### WHAT YOU SHOULD DO:
Restate all of the records below exactly. Do not carry over any image.
※
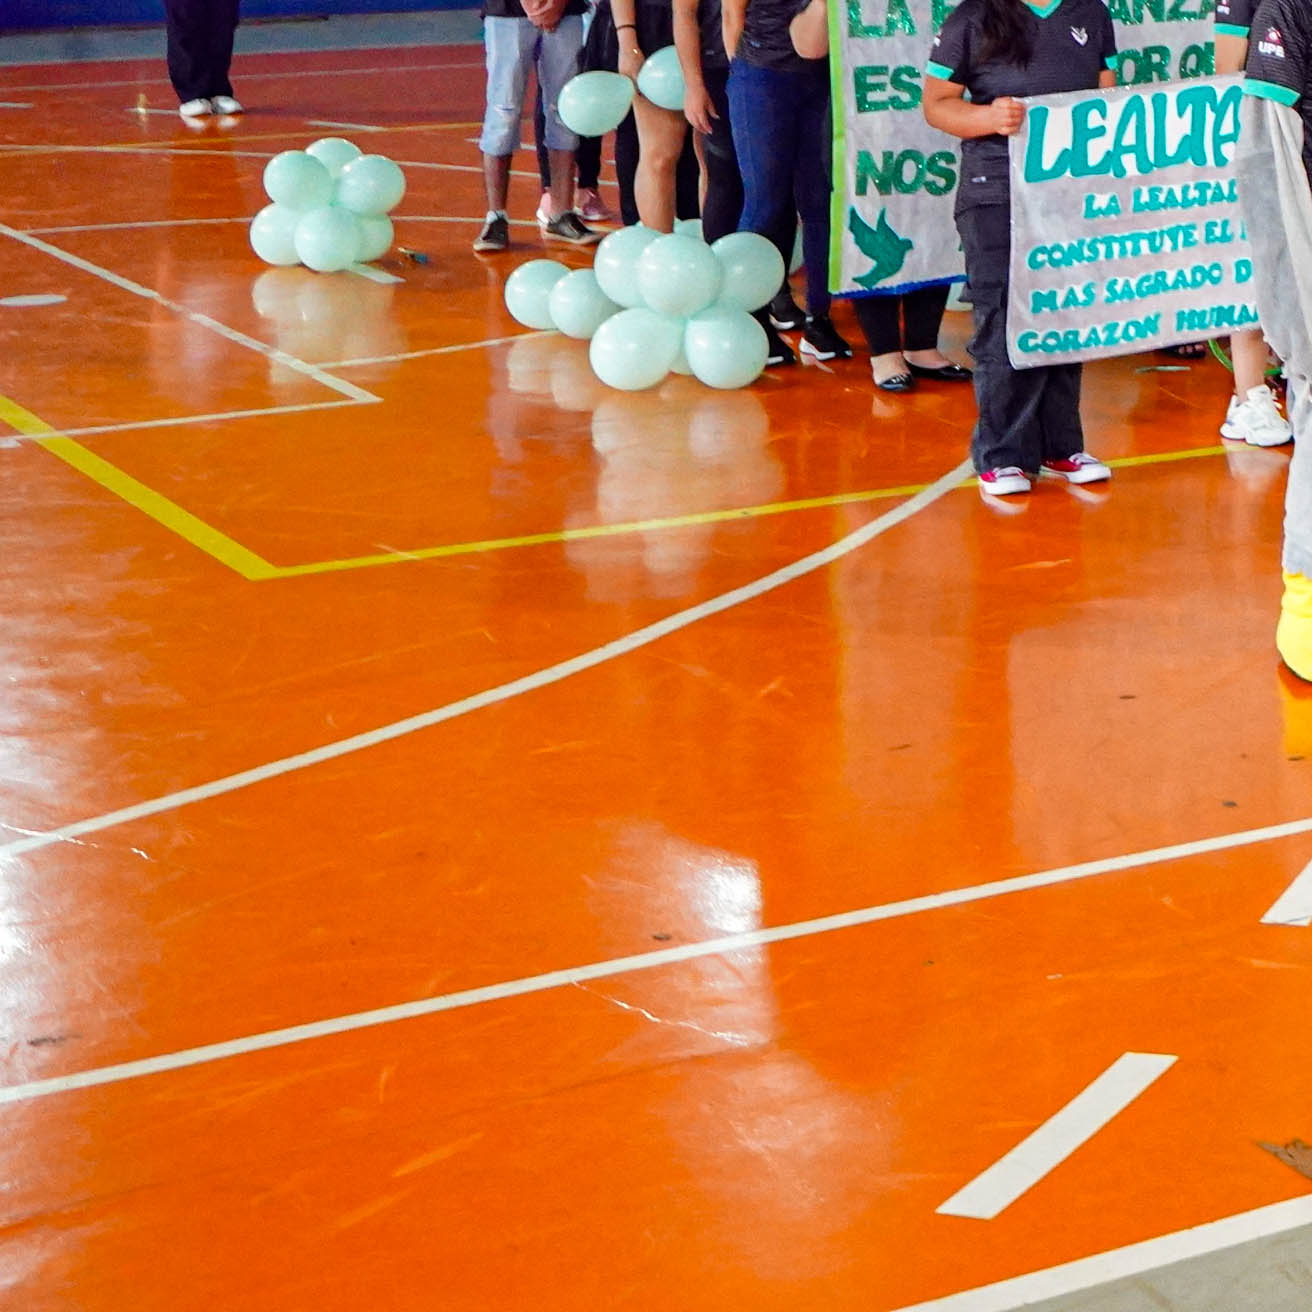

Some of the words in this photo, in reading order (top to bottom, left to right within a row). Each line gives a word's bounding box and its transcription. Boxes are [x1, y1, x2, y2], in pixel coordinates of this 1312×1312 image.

[853, 65, 922, 114] ES
[1024, 85, 1242, 183] LEALTA
[855, 148, 957, 196] NOS
[1083, 193, 1121, 219] LA
[1027, 223, 1198, 270] CONSTITUYE
[1204, 219, 1234, 244] EL
[1030, 282, 1097, 315] MAS
[1103, 262, 1225, 305] SAGRADO
[1234, 259, 1253, 284] D
[1016, 312, 1162, 354] CORAZON
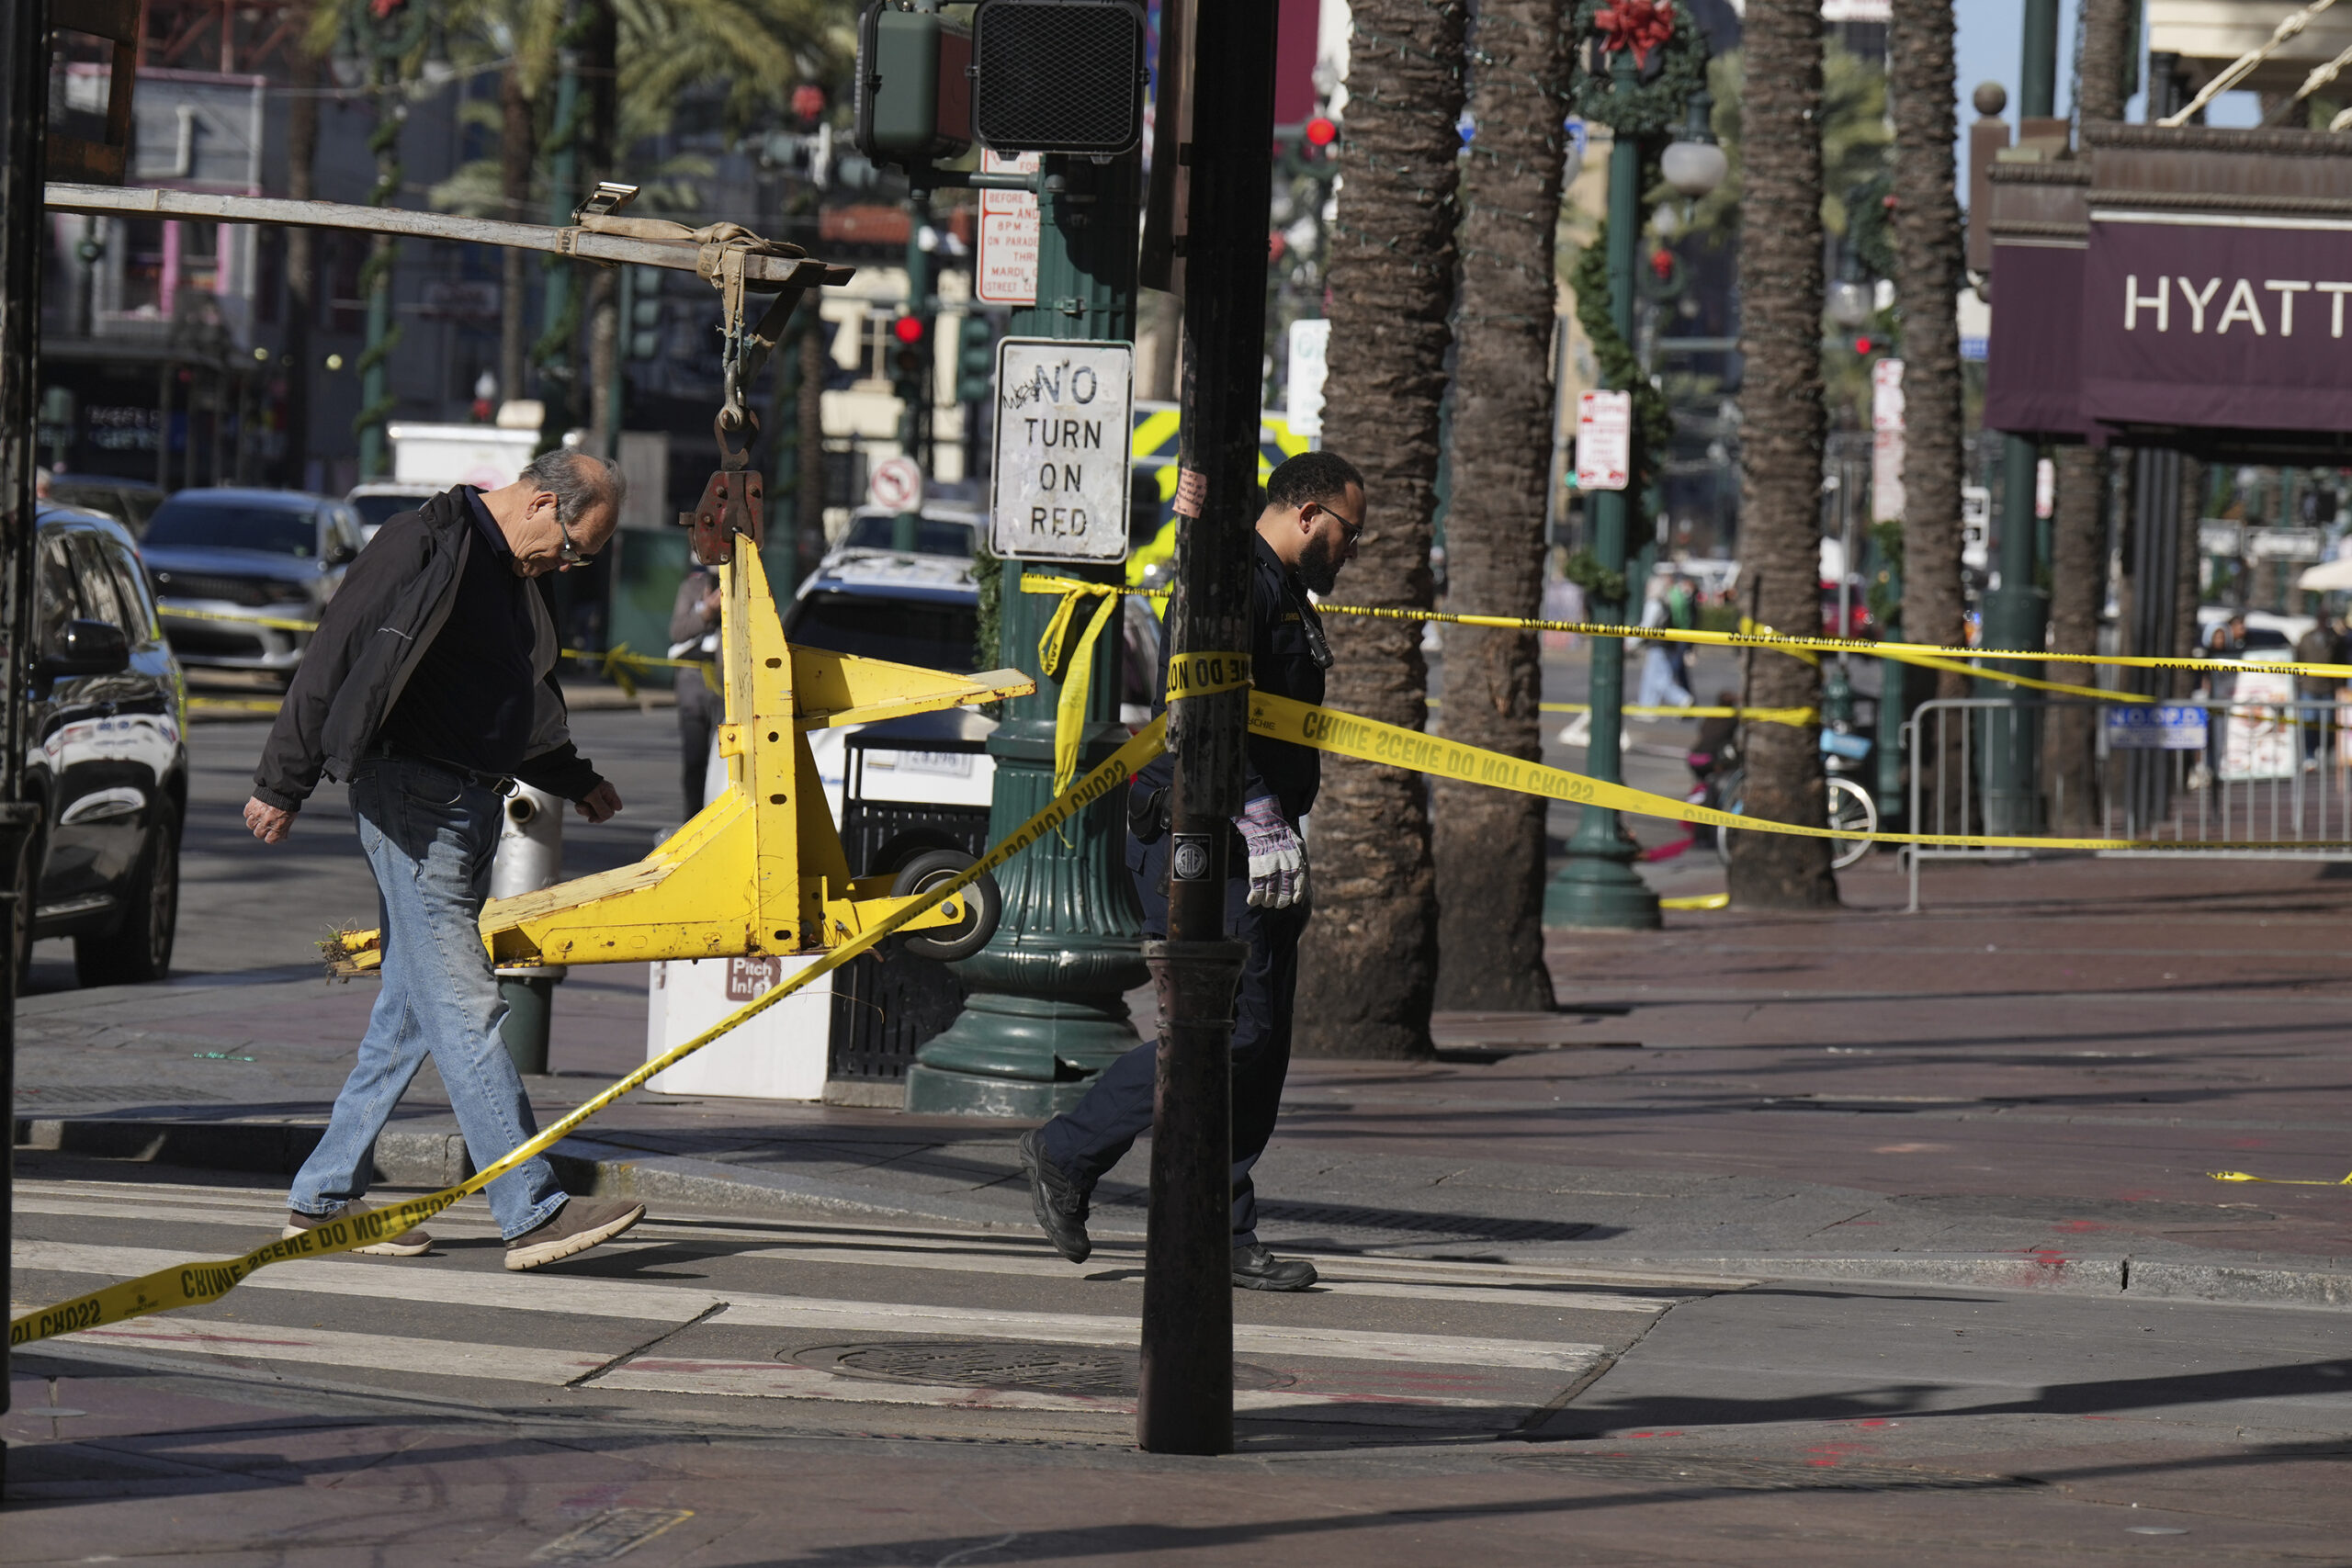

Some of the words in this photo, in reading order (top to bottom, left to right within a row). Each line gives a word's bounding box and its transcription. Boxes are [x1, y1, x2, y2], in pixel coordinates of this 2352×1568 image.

[989, 193, 1023, 204] BEFORE
[988, 235, 1000, 246] ON
[991, 266, 1025, 276] MARDI
[2124, 274, 2352, 339] HYATT
[1035, 364, 1097, 404] NO
[1024, 418, 1102, 449] TURN
[1040, 462, 1081, 492] ON
[1031, 506, 1087, 537] RED
[1195, 658, 1224, 686] DO
[733, 957, 773, 976] Pitch
[731, 976, 752, 994] In!
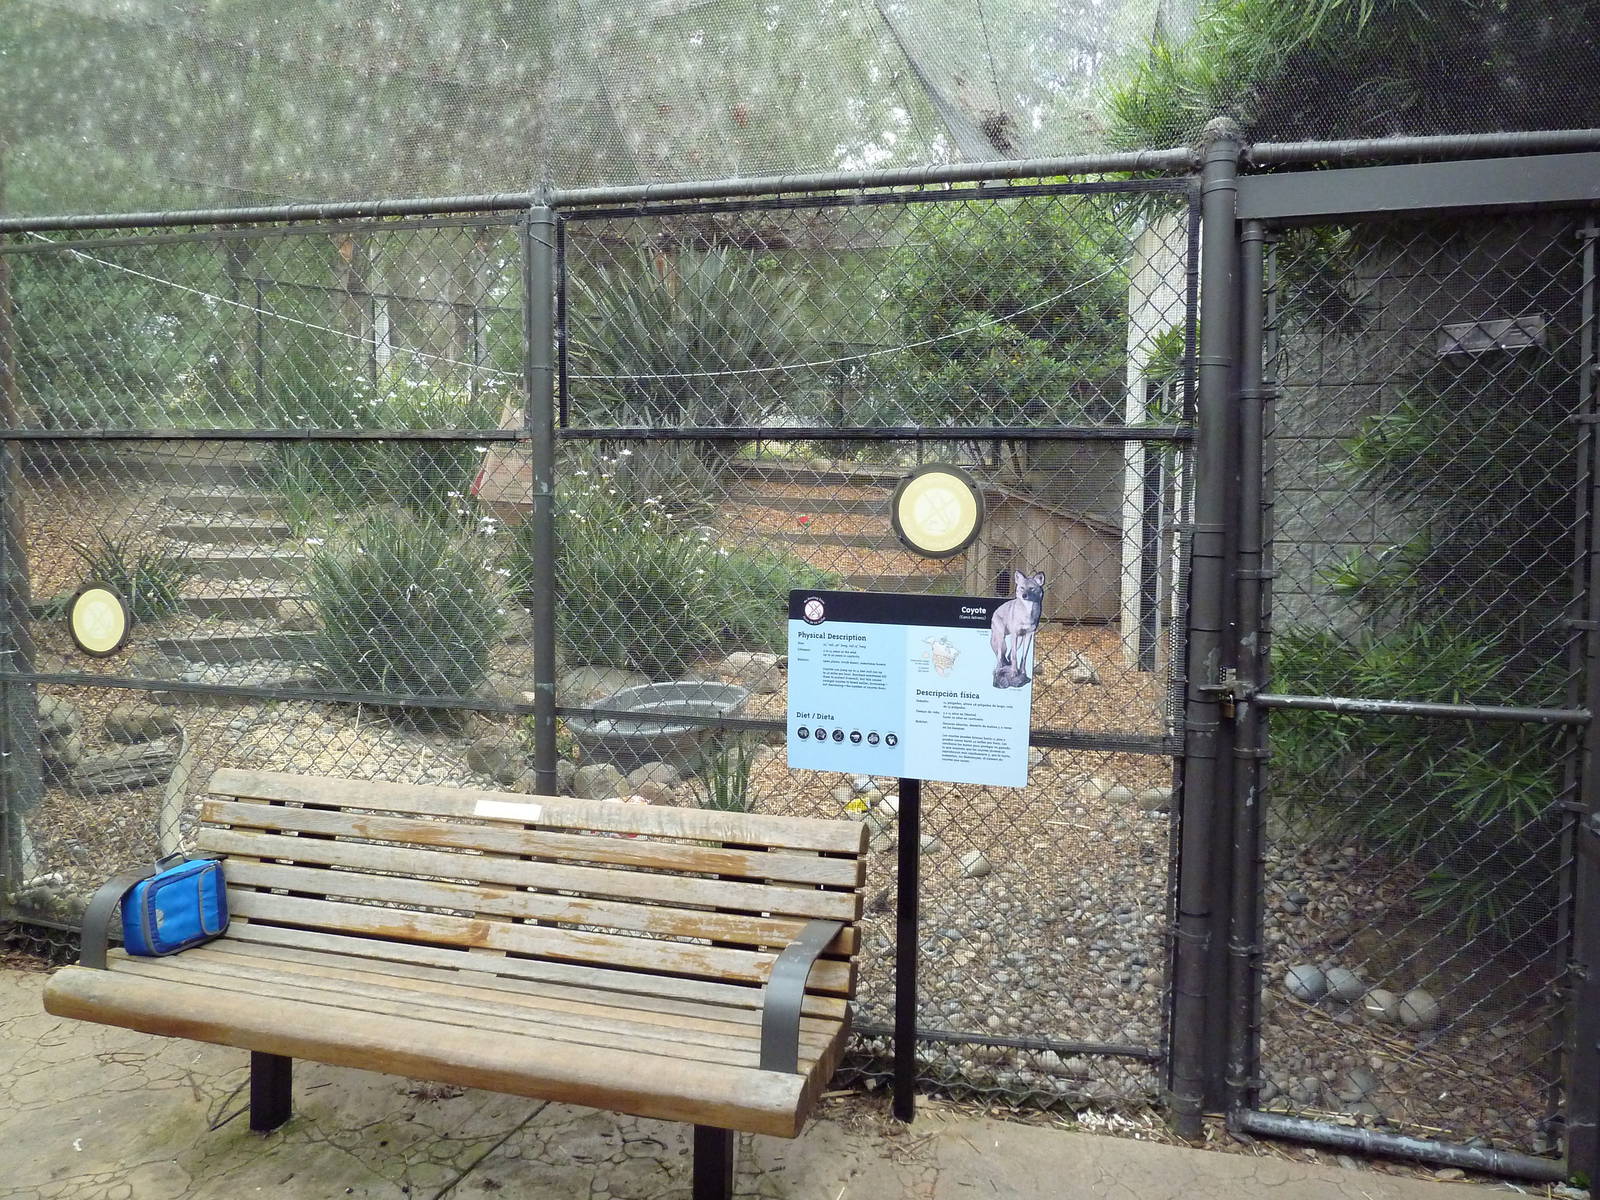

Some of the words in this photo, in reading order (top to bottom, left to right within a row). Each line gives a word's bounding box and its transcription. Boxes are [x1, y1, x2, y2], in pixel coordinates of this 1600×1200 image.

[961, 606, 987, 615] Coyote
[798, 632, 826, 640] Physical
[827, 633, 867, 642] Description
[916, 689, 958, 698] Descripción
[960, 691, 980, 699] física
※
### RESPONSE TO THE EXERCISE:
Some of the words in this photo, in reading order (top to bottom, left to right within a row). Each line gives a word's bounding box and its transcription. Boxes are [x1, y1, x2, y2], in pixel coordinates of this 1312×1312 image.

[853, 65, 922, 114] ES
[1024, 85, 1242, 183] LEALTA
[855, 148, 957, 196] NOS
[1083, 193, 1121, 219] LA
[1027, 223, 1198, 270] CONSTITUYE
[1204, 219, 1234, 244] EL
[1030, 282, 1097, 315] MAS
[1103, 262, 1225, 305] SAGRADO
[1234, 259, 1253, 284] D
[1016, 312, 1162, 354] CORAZON

Some of the words in this photo, in reading order (top to bottom, left to right within a row). Each line gives a word's bounding box and its transcription. Boxes are [x1, y1, x2, y2], in pixel coordinates of this 2352×1568 image.

[989, 193, 1023, 204] BEFORE
[988, 235, 1000, 246] ON
[991, 266, 1025, 276] MARDI
[2124, 274, 2352, 339] HYATT
[1035, 364, 1097, 404] NO
[1024, 418, 1102, 449] TURN
[1040, 462, 1081, 492] ON
[1031, 506, 1087, 537] RED
[1195, 658, 1224, 686] DO
[733, 957, 773, 976] Pitch
[731, 976, 752, 994] In!

Some of the words in this photo, in reading order (top to bottom, left to right within a row). Each line gives a word's bounding box and its transcription. Boxes are [x1, y1, x2, y2], in pixel coordinates of this 1600×1200 image.

[961, 606, 987, 615] Coyote
[798, 632, 826, 640] Physical
[827, 633, 867, 642] Description
[916, 689, 958, 698] Descripción
[960, 691, 980, 699] física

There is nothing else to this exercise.